§ **DIRECTIONS**: Output the records below verbatim, minus the pictures.

§ **PROVIDED ENTRIES**:
* * * * * * * * *

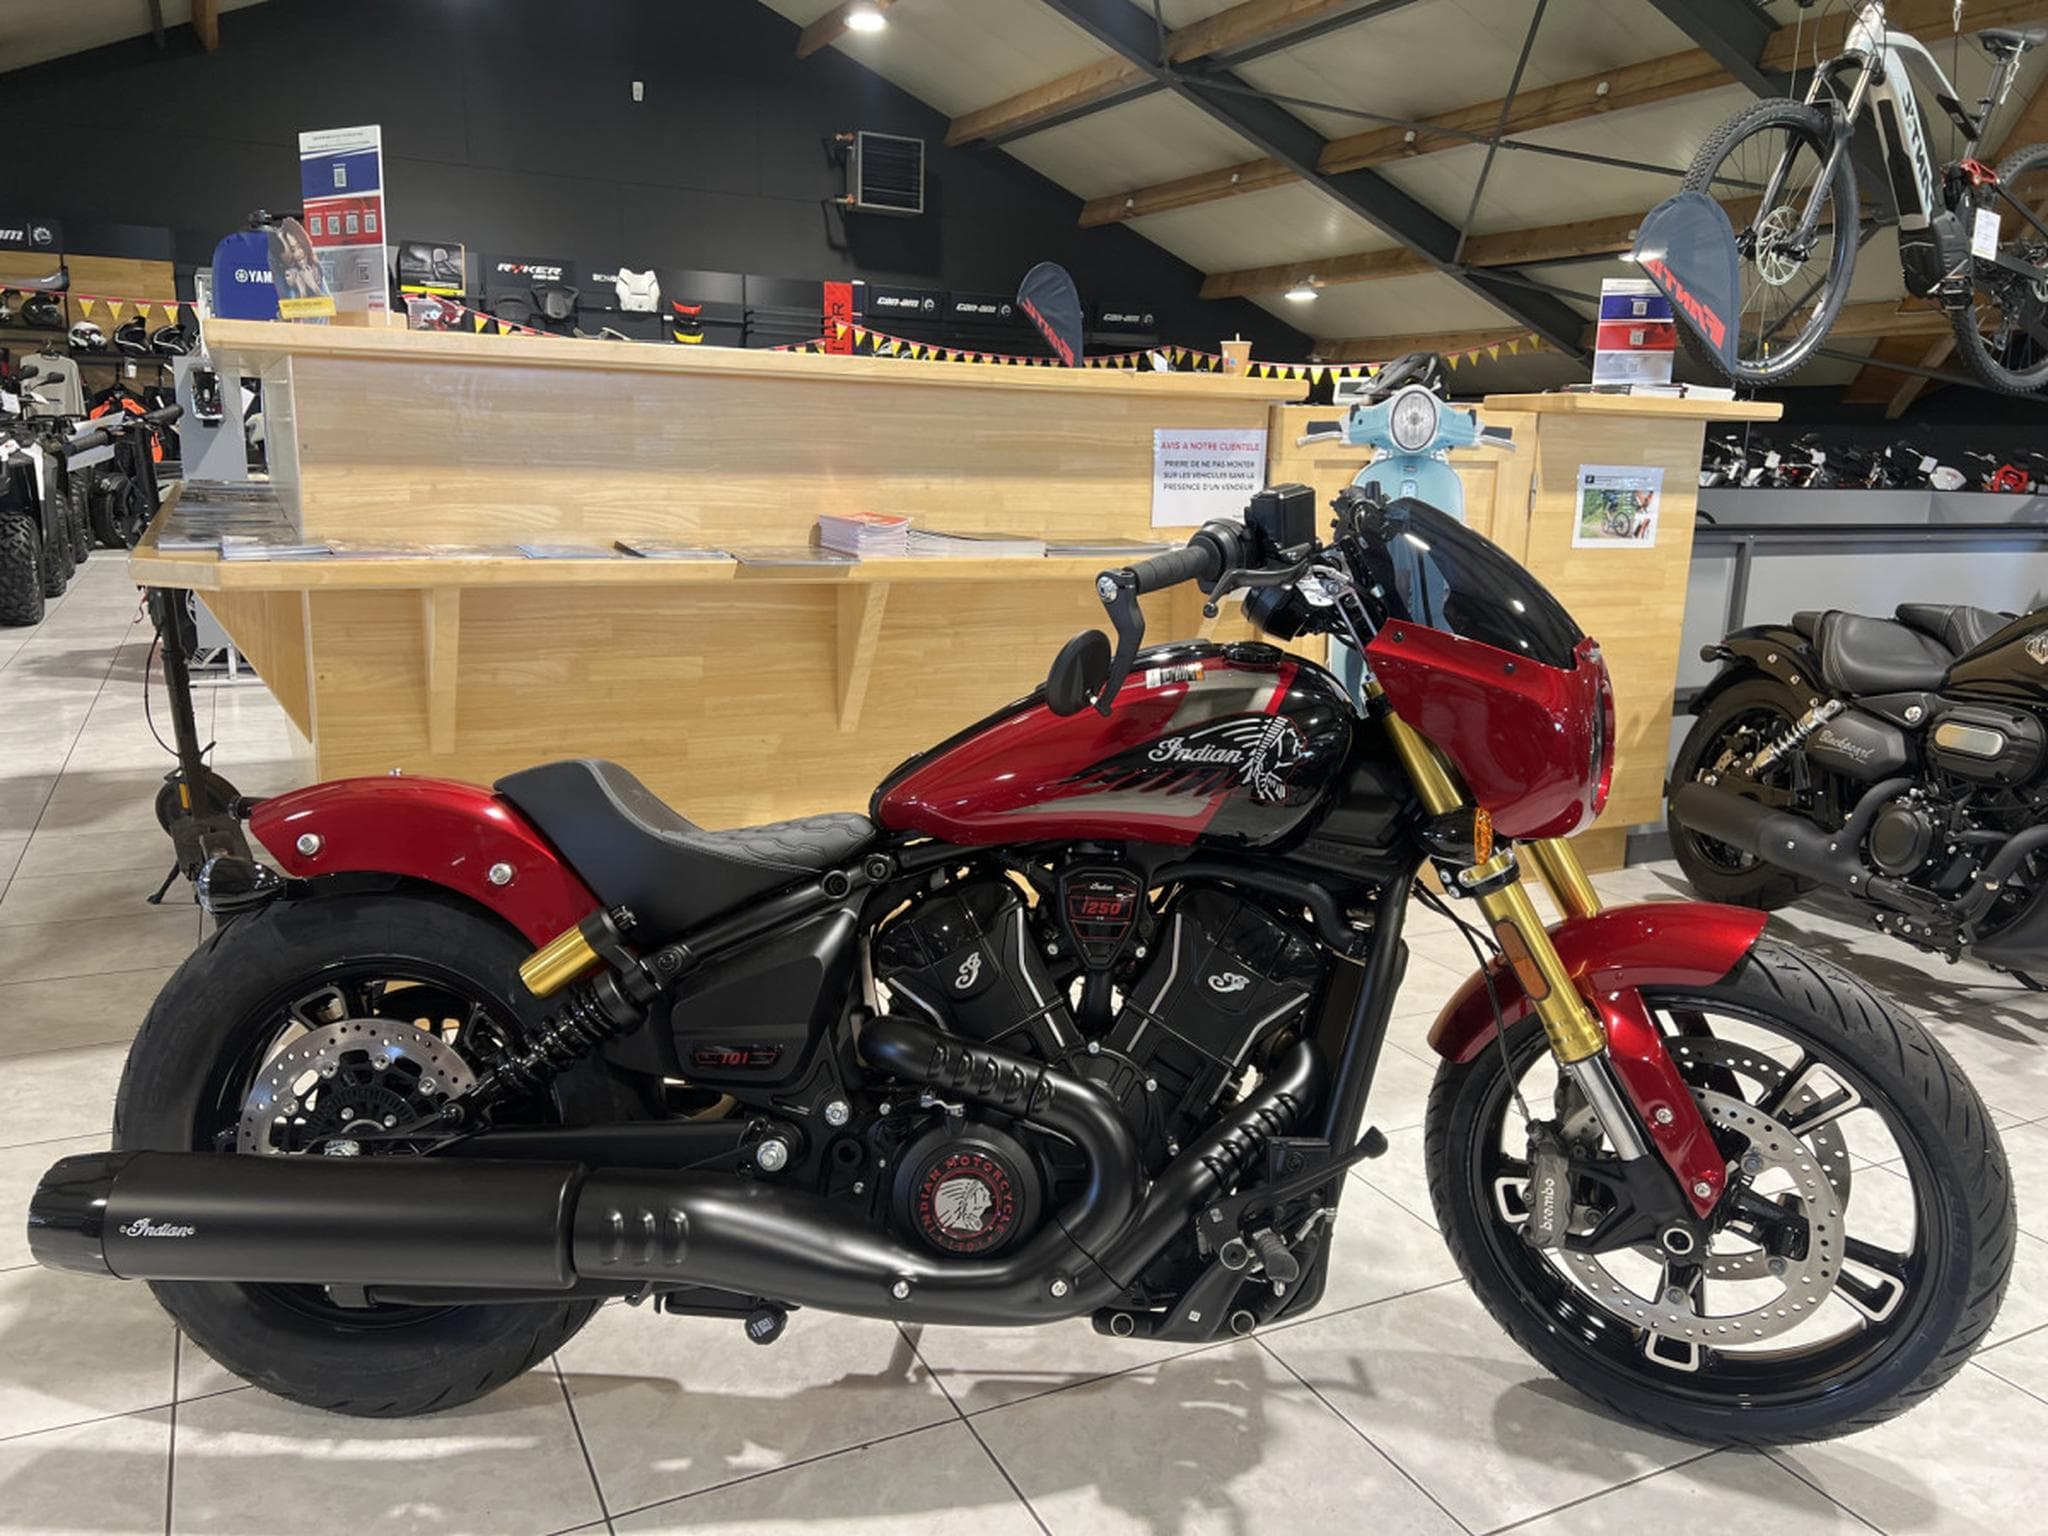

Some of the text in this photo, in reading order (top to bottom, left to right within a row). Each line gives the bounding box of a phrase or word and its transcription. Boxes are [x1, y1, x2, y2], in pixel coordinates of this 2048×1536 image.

[497, 262, 563, 276] RYKER
[1161, 441, 1180, 450] AVIS
[1190, 442, 1217, 451] NOTRE
[1219, 442, 1260, 452] CLIENTELE
[1164, 460, 1255, 469] PRIERE DE NE PAS MONTER
[1163, 471, 1255, 479] SUR LES VEHICULES SANS LA
[1163, 482, 1200, 491] PRESENCE
[1221, 482, 1254, 491] VENDEUR
[1147, 736, 1244, 763] Indian
[1081, 900, 1122, 915] 1250
[720, 1051, 748, 1066] 101
[944, 1154, 1014, 1234] MOTORCYCLE
[1539, 1178, 1555, 1231] brembo
[126, 1217, 188, 1237] Indian

* * * * * * * * *

§ **TASK OUTPUT**:
Some of the text in this photo, in reading order (top to bottom, left to right within a row). Each line gives the bounding box of a phrase or word and its transcription. Boxes are [x1, y1, x2, y2], in pixel coordinates of this 2048×1536 image.

[497, 262, 563, 276] RYKER
[1161, 441, 1180, 450] AVIS
[1190, 442, 1217, 451] NOTRE
[1219, 442, 1260, 452] CLIENTELE
[1164, 460, 1255, 469] PRIERE DE NE PAS MONTER
[1163, 471, 1255, 479] SUR LES VEHICULES SANS LA
[1163, 482, 1200, 491] PRESENCE
[1221, 482, 1254, 491] VENDEUR
[1147, 736, 1244, 763] Indian
[1081, 900, 1122, 915] 1250
[720, 1051, 748, 1066] 101
[944, 1154, 1014, 1234] MOTORCYCLE
[1539, 1178, 1555, 1231] brembo
[126, 1217, 188, 1237] Indian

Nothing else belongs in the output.